Here, for example, the first page, with the famous first sentence and the working title of the novel, The Hours:
There is also an excellent article on Mrs Dalloway and the use of stream of consciousness by Elaine Showalter, published on the British Library website. For example, here on the composition of Mrs Dalloway:
We know a lot about the composition of Mrs Dalloway between 1922 and 1924. Woolf’s holograph draft, called ‘The Hours’, is in the British Library, and her working notes are in the New York Public Library. She also treated the themes of the novel in an early group of short stories, collected as Mrs Dalloway’s Party, and discussed her writing process in her journal and letters. One central problem she faced was how to organise the flow of perceptions and memories; she did not want to have chapters with titles interrupting the illusion of a spontaneous stream of consciousness. She considered having a Greek chorus speak at intervals to sum everything up; she thought about dividing the text like the acts of a play. Finally, she decided to mark off sections with a double space; in the British edition published by the Hogarth Press, there are 12 spaces, like the hours on a clock. The striking of Big Ben further serves to punctuate the narrative. A central motif of the book is the analogy between the hours of the day and the female life cycle – what we would now call the biological clock. Woolf places Mrs Dalloway in the middle, and surrounds her with female characters ranging from 18 to over 80. As she was working on the various drafts, Woolf grew confident in her techniques and goals: ‘There’s no doubt in my mind that I have found out how to begin (at 40) to say something in my own voice.’

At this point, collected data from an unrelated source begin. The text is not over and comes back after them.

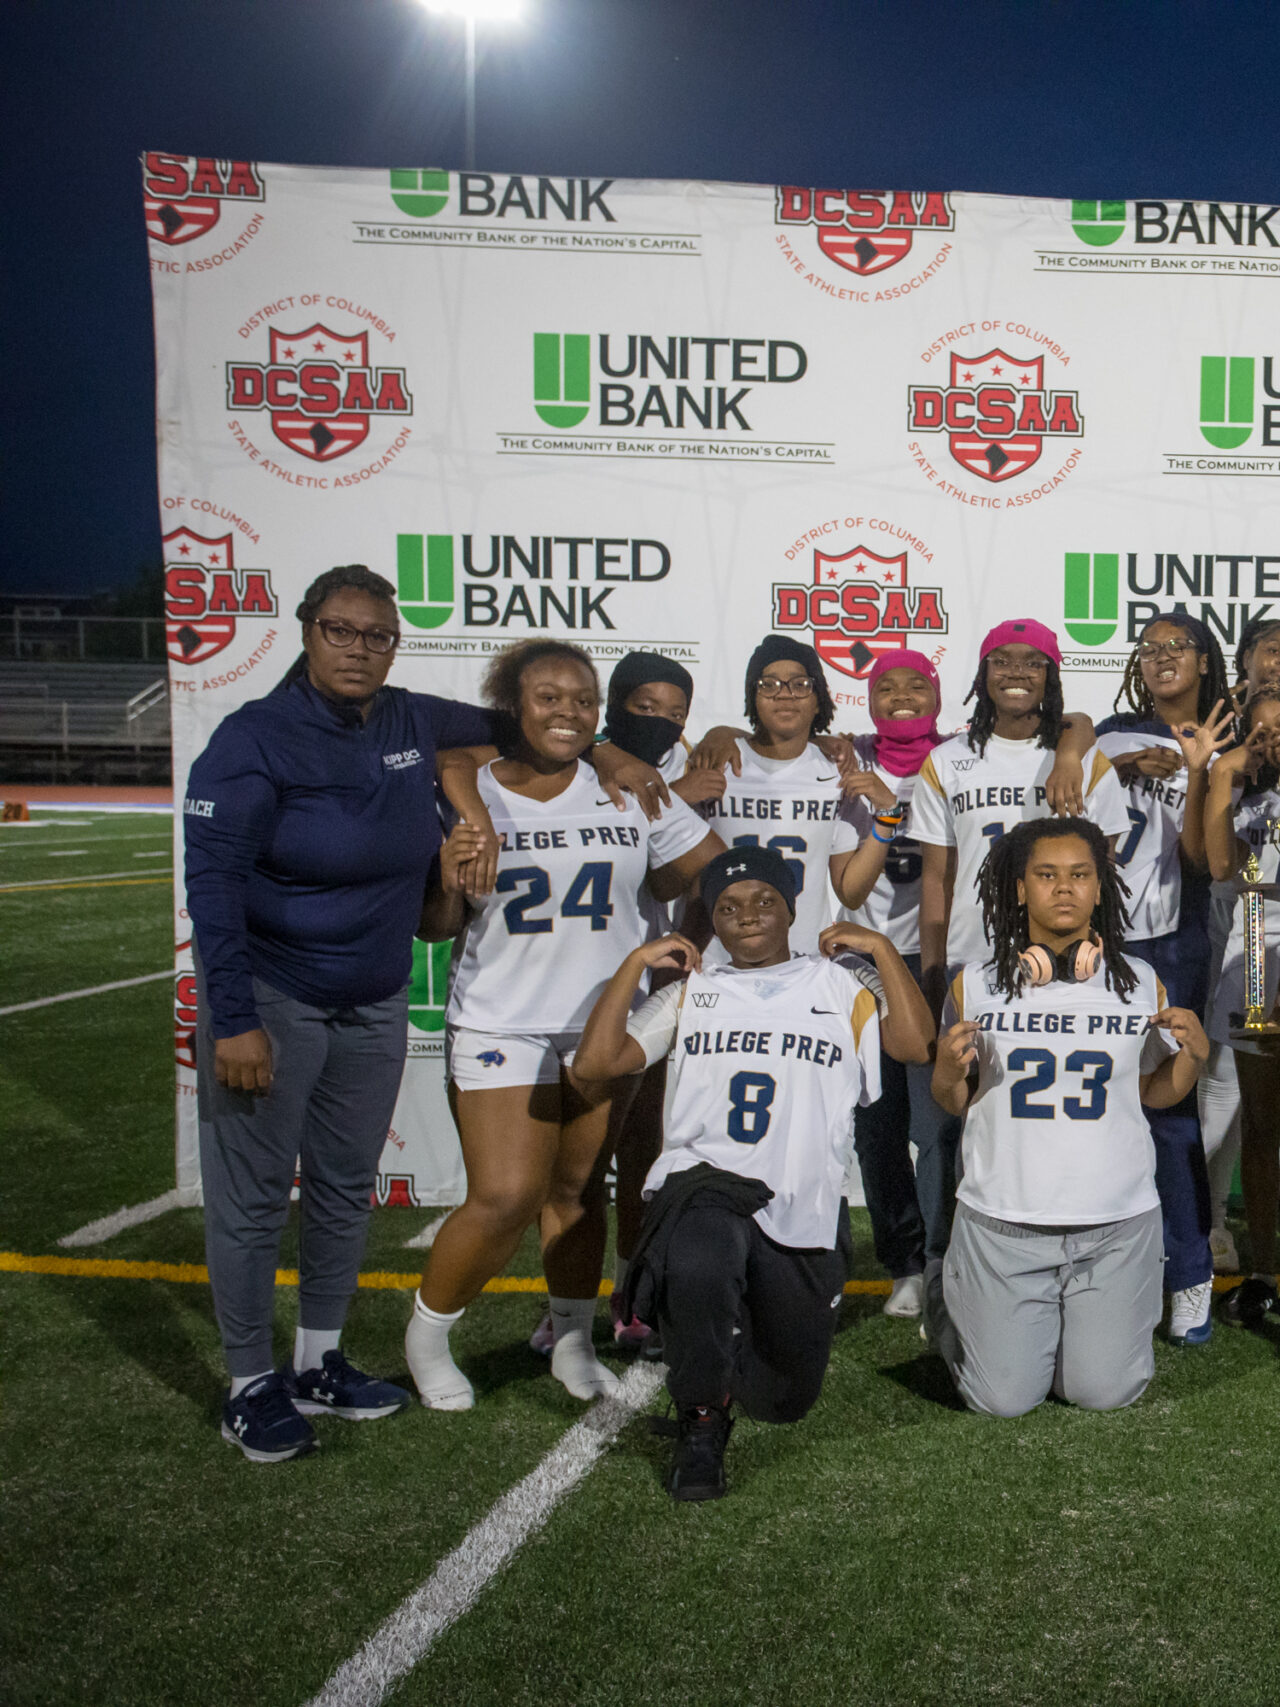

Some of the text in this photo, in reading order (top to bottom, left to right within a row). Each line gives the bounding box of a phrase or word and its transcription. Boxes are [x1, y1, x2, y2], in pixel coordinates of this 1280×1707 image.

[143, 151, 265, 202] SAA
[458, 173, 617, 222] BANK
[775, 186, 955, 233] DCSAA
[186, 212, 265, 273] ASSOCIATION
[775, 234, 952, 302] STATE ATHLETIC ASSOCIATION
[238, 294, 396, 342] DISTRICT OF COLUMBIA
[598, 333, 808, 383] UNITED
[920, 320, 1071, 367] DISTRICT OF COLUMBIA
[226, 359, 413, 418] DCSAA
[598, 383, 753, 430] BANK
[907, 382, 1084, 440] DCSAA
[228, 420, 412, 489] STATE ATHLETIC ASSOCIATION
[908, 442, 1082, 508] STATE ATHLETIC ASSOCIATION
[163, 497, 261, 545] OF COLUMBIA
[784, 517, 935, 564] DISTRICT OF COLUMBIA
[462, 534, 672, 582] UNITED
[165, 562, 279, 621] SAA
[463, 583, 617, 630] BANK
[772, 579, 948, 637] DCSAA
[202, 629, 278, 691] ASSOCIATION
[577, 826, 640, 848] PREP
[495, 861, 614, 936] 24
[975, 1012, 1076, 1034] OLLEGE
[781, 1033, 842, 1068] PREP
[727, 1070, 777, 1145] 8
[1007, 1048, 1114, 1121] 23
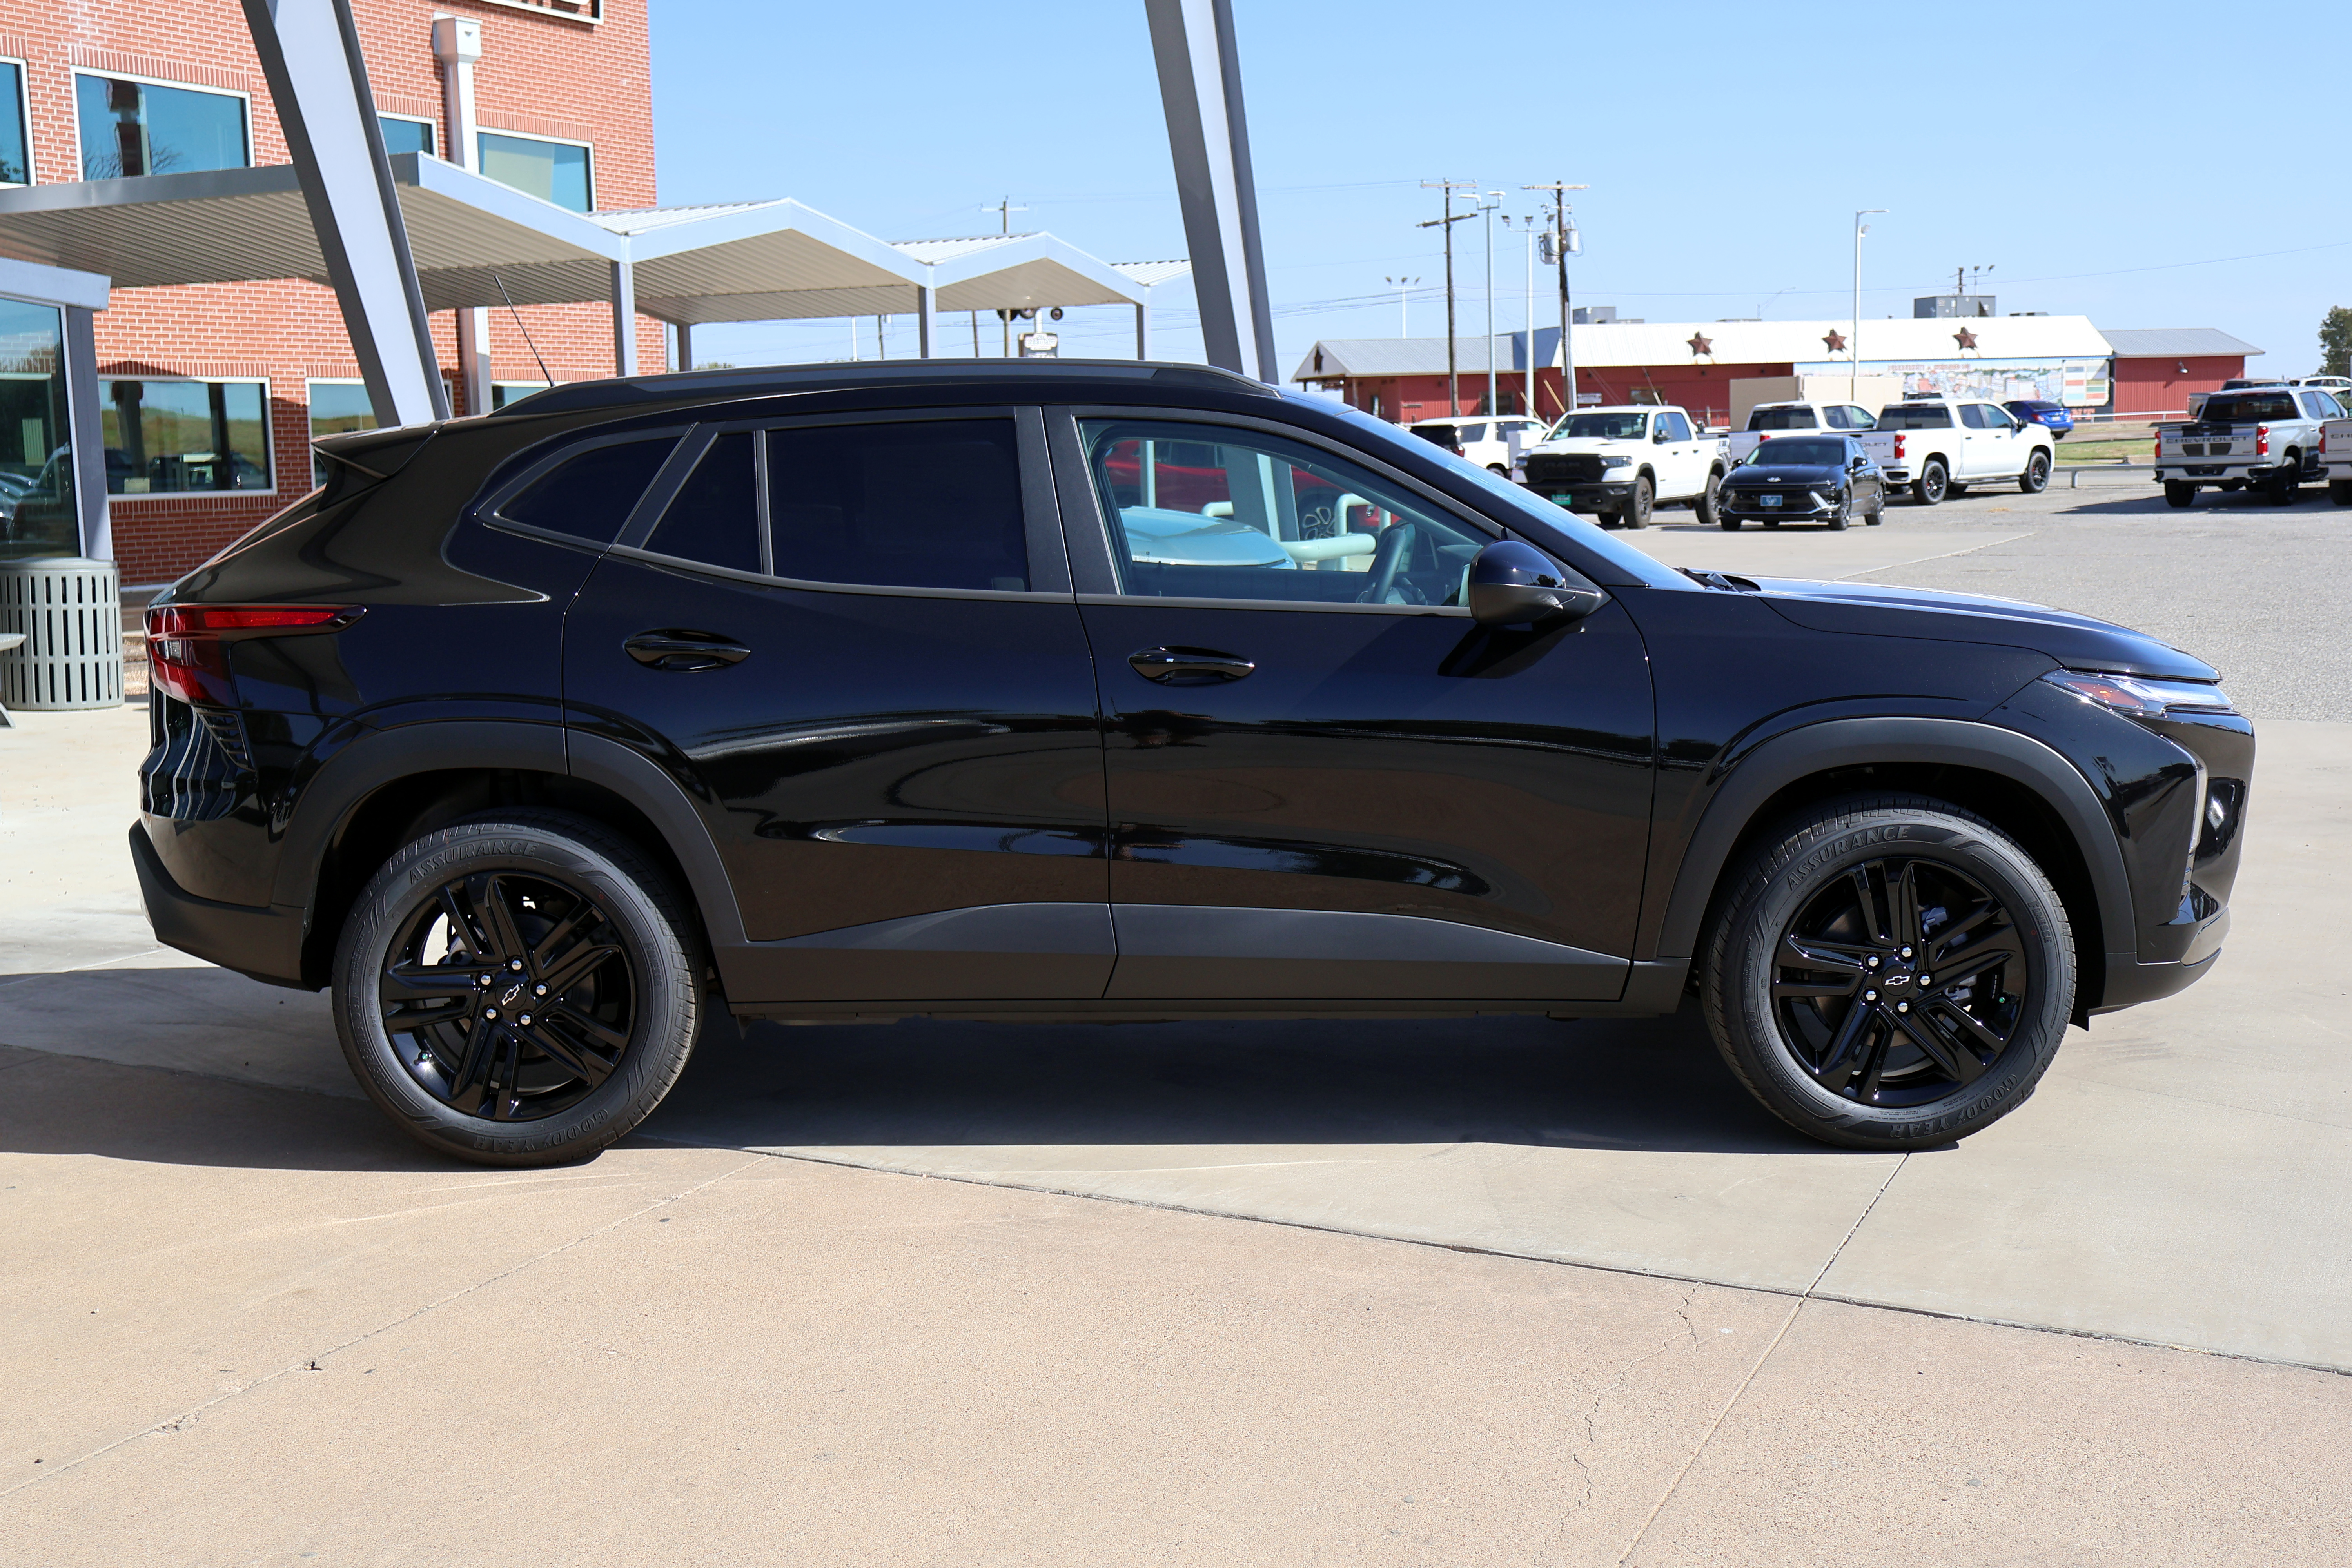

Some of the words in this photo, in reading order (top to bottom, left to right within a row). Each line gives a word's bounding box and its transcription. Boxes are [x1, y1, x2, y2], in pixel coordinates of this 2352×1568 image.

and this on the party that concludes the novel:
Woolf had intended the party which ends the novel to express ‘life in every variety & and full of anticipation; while S. dies’. For Clarissa, it is a happy occasion. Re-meeting the prosperous mother of five who had long ago been the object of her schoolgirl crush, and talking to Peter Walsh, a restless immature man she might have married, she affirms the choices she has made. The guests who gather in her bright home come from an upper-class London society that includes the pompous, the frivolous, the narrow-minded and the snobbish, as well as some lost souls she has included out of kindness. Yet behind their decorous façades, Woolf shows us their hidden memories and troubled feelings, especially fears of ageing and death; and Clarissa senses the bravery of their performances. At the height of the party, she abruptly learns from Dr Bradshaw that one of his patients, a young soldier, had killed himself that afternoon. Shocked at the news, she retreats to a little room to meditate in solitude on the great unanswerable questions of meaning, mortality and purpose. She emerges with an understanding of the party as a life-affirming communal pageant. The internal changes Clarissa undergoes during her day mirror the transformations in her society. Despite its obsession with loneliness and death, Mrs Dalloway is a compassionate and optimistic novel, ending as it begins, with a tribute to endurance, survival, fellowship and joy.